CHAPTER XIX
A WINTER FOREGLOW
Little attention has been paid to foreglows compared with afterglows, either with regard to their natural beauty or their weather forecasting. But either the ordinary red-cloud surroundings at sunrise, or the western foreglow at rarer intervals, betokens to the weather-prophet wet and gloomy weather. The farmer and the sailor do not like the sight, they depend so much on favourable weather conditions.
Of course, sunrise to the æsthetic observer has always its charms. The powerful king of day rejoices “as a bridegroom coming out of his chamber” as he steps upon the earth over the dewy mountain tops, bathing all in light, and spreading gladness and deep joy before him. The lessening cloud, the kindling azure, and the mountain’s brow illumined with golden streaks, mark his approach; he is encompassed with bright beams, as he throws his unutterable love upon the clouds, “the beauteous robes of heaven.” Aslant the dew-bright earth and coloured air he looks in boundless majesty abroad, touching the green leaves all a-tremble with gold light.
But glorious, and educating, and inspiring as is the sunrise in itself in many cases, there is occasionally something very remarkable that is connected with it. Rare is it, but how charming when witnessed, though till very recently it was all but unexplained. This is the foreglow.
It is in no respect so splendid as the afterglow succeeding sunset; but, because of its comparative rarity, its beauty is enhanced. I remember a foreglow most vividly which was seen at my manse, in Strathmore, in January 1893. My bedroom window looked due west; I slept with the blind up. On that morning I was struck, just after the darkness was fading away, with a slight colouring all along the western horizon. The skeleton branches of the trees stood out strongly against it. The colouring gradually increased, and the roseate hue stretched higher. The old well-known faces that I used to conjure up out of the thin blended boughs became more life-like, as the cheeks flushed. There was rare warmth on a winter morning to cheer a half-despairing soul, tired out with the long hours of oil reading, and pierced to the heart by the never-ceasing rimes; yet I could not understand it.

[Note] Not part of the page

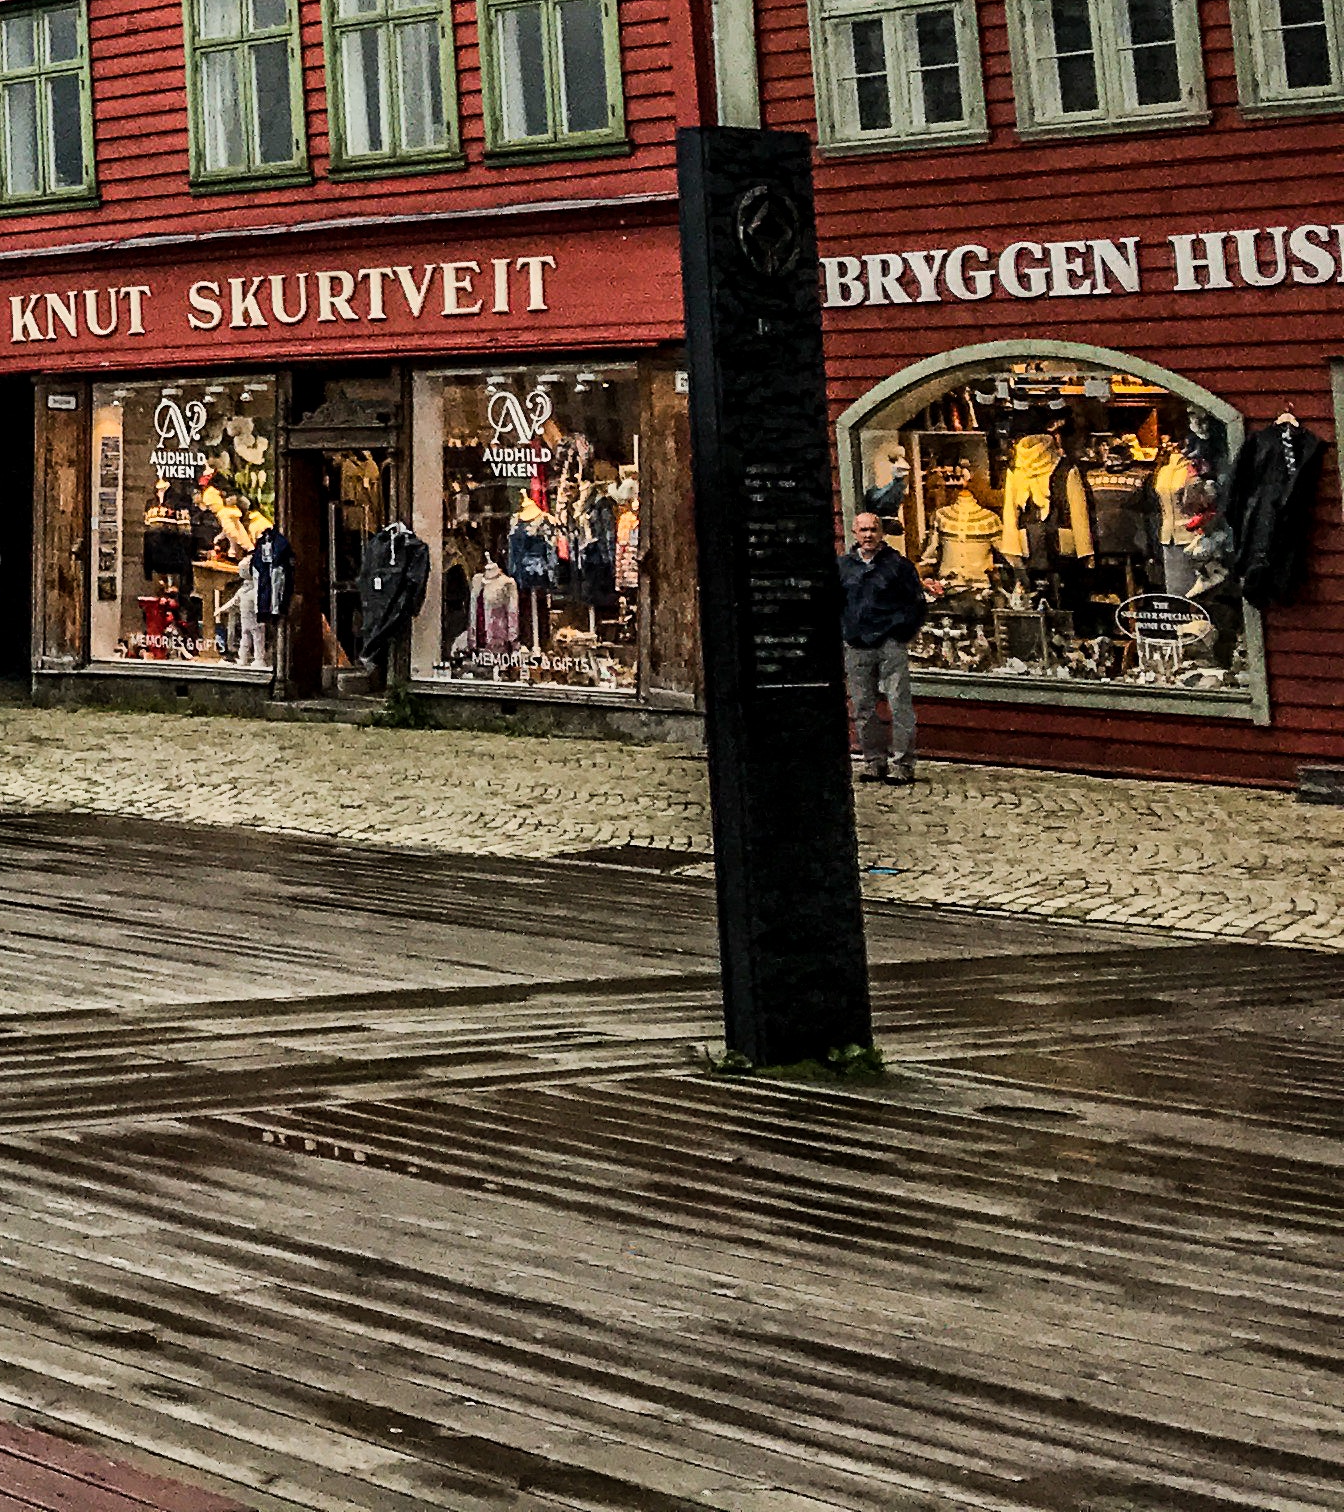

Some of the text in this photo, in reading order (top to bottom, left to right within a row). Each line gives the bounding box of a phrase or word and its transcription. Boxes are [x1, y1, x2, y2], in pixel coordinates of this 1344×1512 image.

I went to the room opposite to watch the sunrise, for I had observed in the diary that the appearance of the sun would not be for a few minutes. There were streaks of light in the east above the horizon, but no colour was visible. That hectic flush—slight, yet well marked—which was deepening in the western heavens, had no counterpart in the east, except the colourless light which marked the wintry sun’s near approach. As soon as the sun’s rays shot up into the eastern clouds, and his orb appeared above the horizon, the western sky paled, the colour left it, as if ashamed of its assumed glory. A foreglow like that I have very rarely seen, and its existence was a puzzle to me till I studied Dr. Aitken’s explanation of the afterglows after sunset. I had never come across any description of a foreglow; and, of course, across no explanation of the curious phenomenon. The western heavens were coloured with fairly bright roseate hues, while the eastern horizon was only silvery bright before the sun rose; whereas, after the sun appeared and coloured the eastern hills and clouds, the western sky resumed its leaden grey and colourless appearance. Why was that? What is the explanation?
I have not space enough to repeat the explanation given already in the last chapter of the glorious phenomenon of the afterglow. But the explanation is similar. Before sunrise, the rays of the sun are reflected by dust-particles in the zenith to the western clouds. The colouring is intensified by the frozen water-vapour on these particles in the west.
One thing I carefully noted. Ere mid-day, snow began to fall, and for some days a severe snow-storm kept us indoors. Then, at any rate, the foreglow betokened a coming storm. It was, like a rainbow in a summer morning, a decided warning of the approaching wet weather.